Para maiores informações sobre a autora, favor acessar: https://pt.wikipedia.org/wiki/Manuel_de_Oliveira_Paiva.
Boa leitura!O VELHO VOVÔ
O trapiche estava no seu antigo posto de honra, suspenso por uma elevada escada, a cujos pés havia poços deixados pela maré, que se retraíra, e o oceano parecia magro, com os arrecifes à mostra, fugindo timoratamente, encolhido, medroso da terra. Uma interminável faixa de areia molhada, brandamente côncava, servia de guarda-pisa, entre o frouxel das ondas e o limiar da povoação. Em presença dessa depressão geral do oceano, sentia-se a sensação de quem desce, — a falta de fôlego de uma vertigem.
Pausadamente, homens quase nus, de tanga e ceroula curta à guisa de calções, entravam pelo mar adentro e abeiravam-se, com água pelos peitos, dos lanchões que oscilavam apenas, carregados de mercadorias. O calor do sol untava de suor a esses trabalhadores, de linda musculatura atlética, que suspendiam fardos, com admirável precisão mecânica, e traziam-nos para o seco. Outros, em movimento contrário, embarcavam algodão e café e couros, desempilhando altas montanhas de gêneros acumuladas pela areia, entre latadas de escaleres e esqueletos de lanchas velhas. Ao longe, se avistava o branco velejamento das jangadas que repousavam fora do alcance das ondas. E, por toda parte, como cercando os domínios do velho trapiche, espalhavam-se massas complicadas de ferros, quais membros esfacelados de um corpo gigantesco e bruto. Os navios ancorados, longe, lá estavam como abandonados no seio das águas, apenas visitados por tanchões vagarosos. E, de quando em vez, no deserto azul, passava a alvura imponente de uma jangada.

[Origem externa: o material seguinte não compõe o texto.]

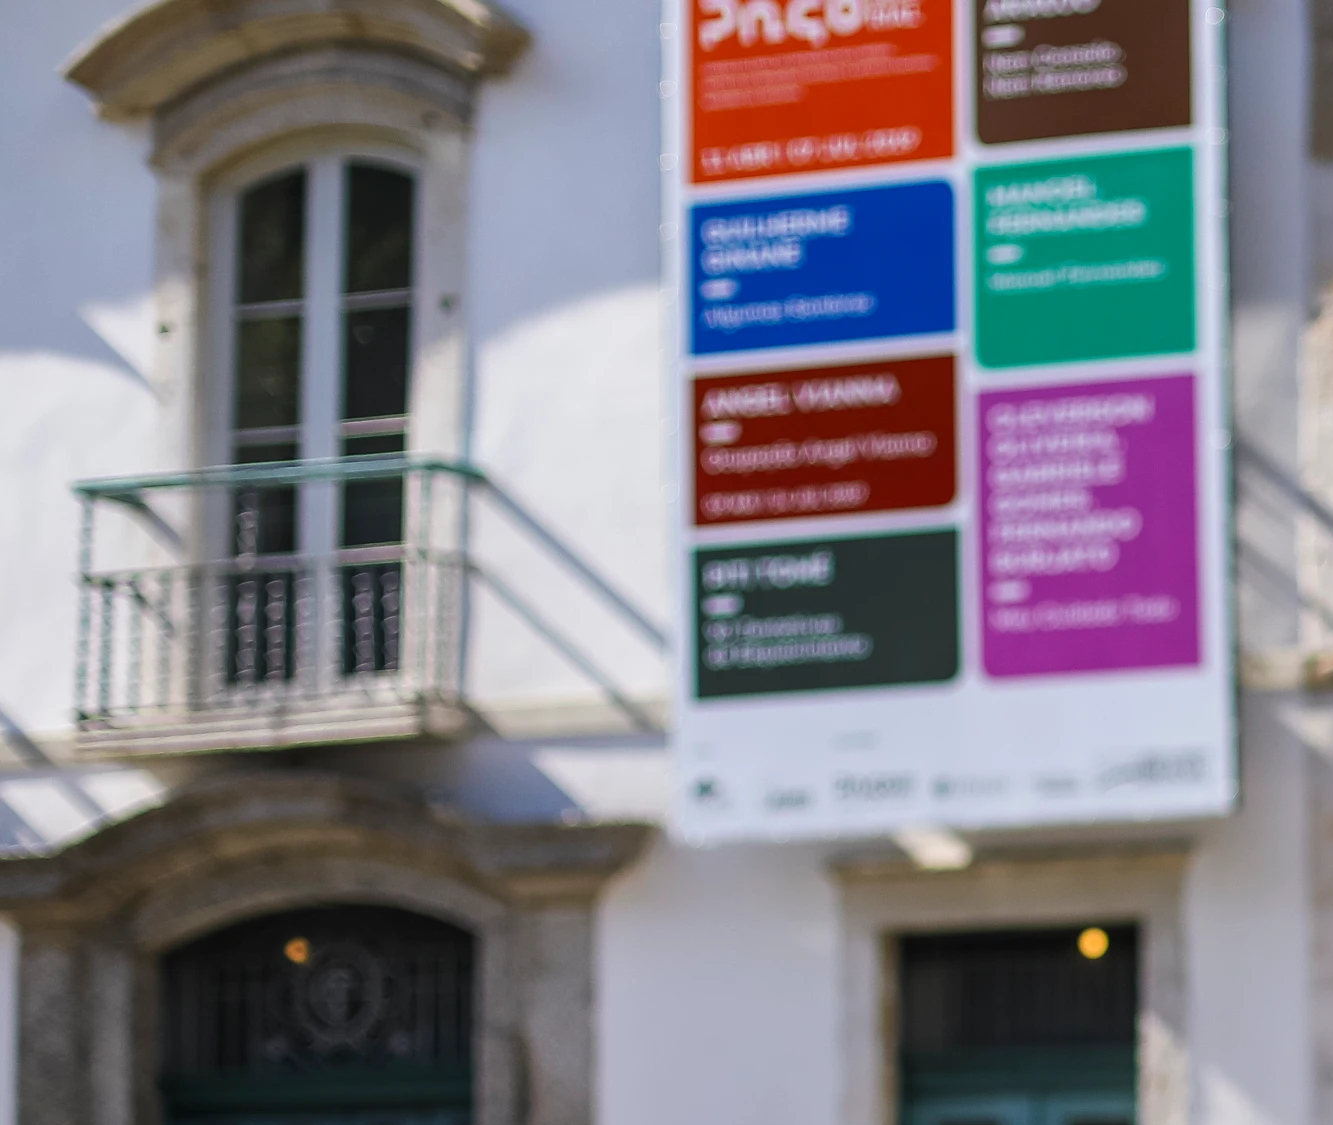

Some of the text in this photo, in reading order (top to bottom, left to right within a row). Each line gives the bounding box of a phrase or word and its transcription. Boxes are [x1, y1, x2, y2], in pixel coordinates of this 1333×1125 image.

[702, 206, 852, 246] GUILHERME
[986, 201, 1147, 236] FERNANDES
[702, 374, 901, 417] ANGEL VIANNA

Recostado ao peitoril do galpão que serve de vestíbulo à carcaça roxo-terra do velho trapiche, eu abismava o olhar nesse panorama vivo de sol, de terra e de águas. O firmamento era uma tela suspensa, que se encurvava, que se estirava pelos ignotos confins do poente, que se cosia, rumo do norte, no debrum longínquo do céu com o mar. A cidade, montada sobre mansos outeiros, onde outrora rastejaram o zéfiro e as ondas, parecia vir descendo para as areias brancas, seio amorenado pelo resfolegar da luz. Os tetos, como escudos de tartarugas, se agachavam ebriamente sob os tufos aéreos dos coqueiros, que dedilhavam uma harmonia vaga, impalpável, com luzimentos quentes, e roçavam ilusoriamente no azul que nos abafa com aquele bojo infinito, que nos persegue por toda parte, ao campo, à rua, pelas frestas, e pelas nesgas que se entrevê de dentro mesmo das habitações; esse azul que nos enraiva, que desafia o olhar ambicioso do artista para devastar o além dessa casca terrível que os antigos foram obrigados a julgar solidamente brochada de estrelas, de lua e de sol.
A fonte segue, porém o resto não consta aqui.